Word for word, print each line of the listing below; pictures stay out.

════

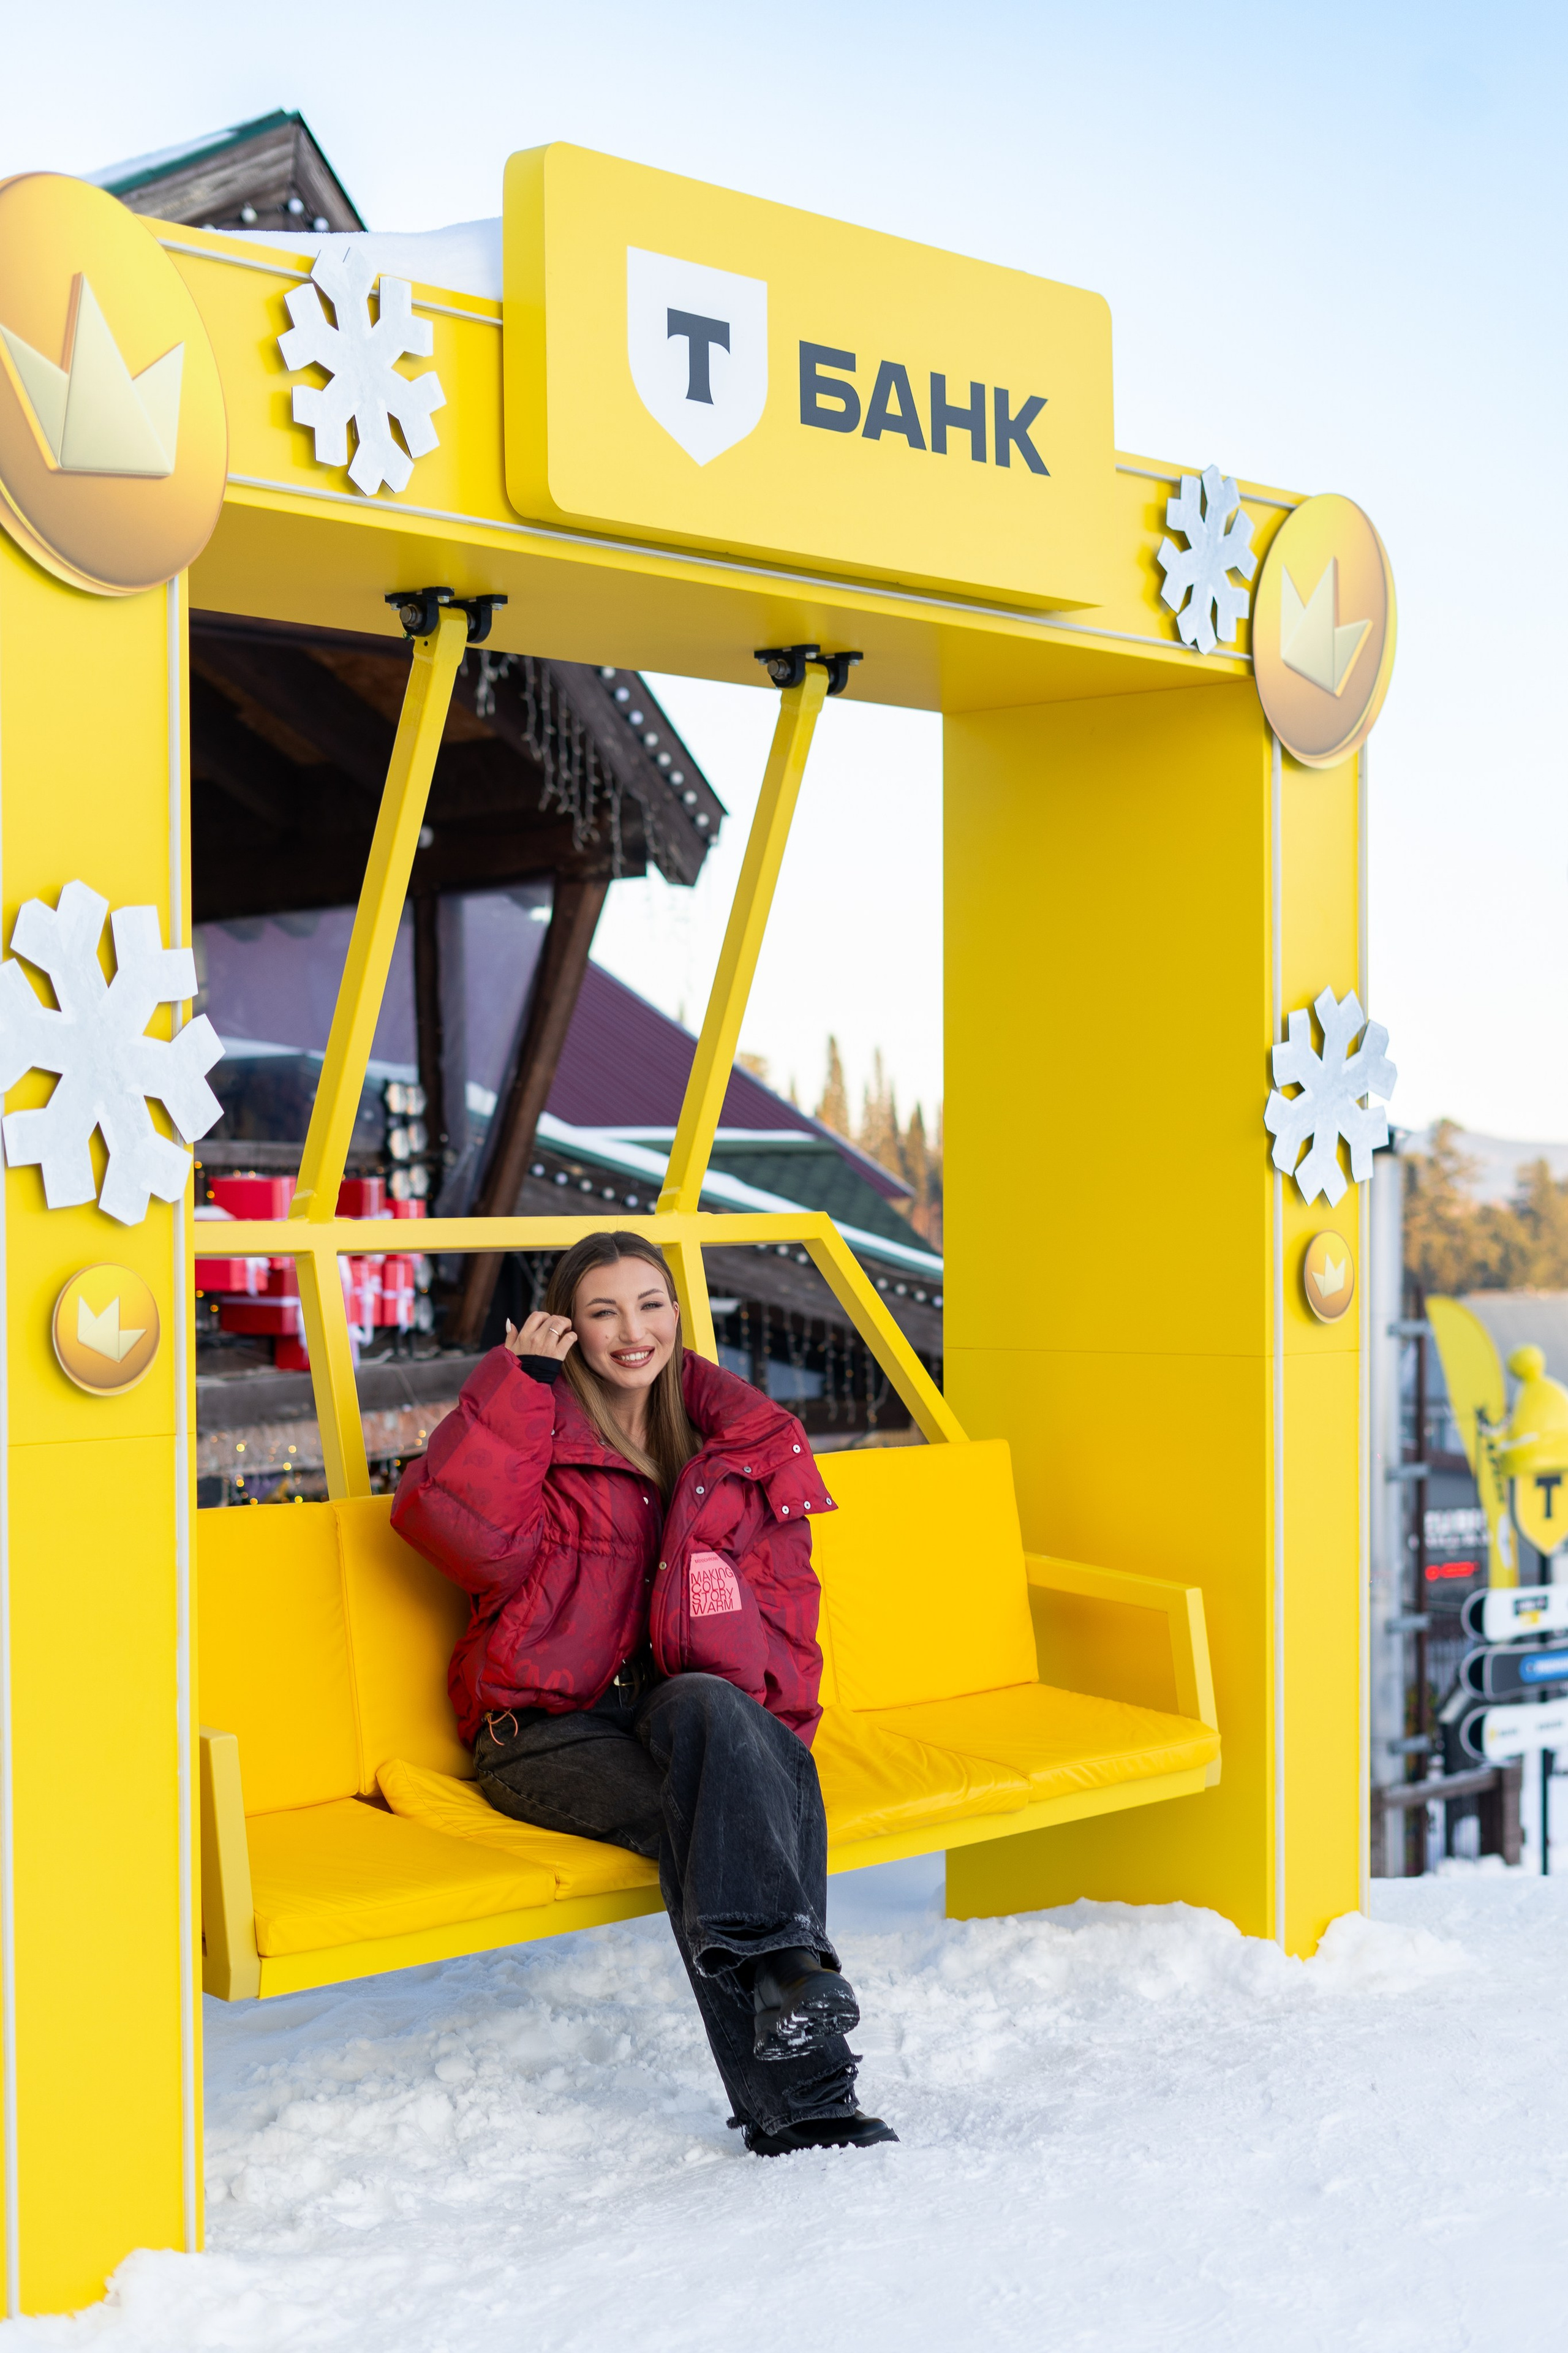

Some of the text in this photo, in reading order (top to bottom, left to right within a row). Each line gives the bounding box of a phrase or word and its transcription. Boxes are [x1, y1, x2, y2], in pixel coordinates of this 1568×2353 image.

[667, 308, 1051, 477] Т БАНК
[1536, 1476, 1562, 1519] Т
[691, 1567, 734, 1584] MAKING
[692, 1579, 725, 1594] COLD
[692, 1587, 733, 1604] STORY
[692, 1598, 733, 1615] WARM

════

#### Answer space
Some of the text in this photo, in reading order (top to bottom, left to right within a row). Each line gives the bounding box of a phrase or word and its transcription. Boxes are [x1, y1, x2, y2], in pixel coordinates of this 1568×2353 image.

[667, 308, 1051, 477] Т БАНК
[1536, 1476, 1562, 1519] Т
[691, 1567, 734, 1584] MAKING
[692, 1579, 725, 1594] COLD
[692, 1587, 733, 1604] STORY
[692, 1598, 733, 1615] WARM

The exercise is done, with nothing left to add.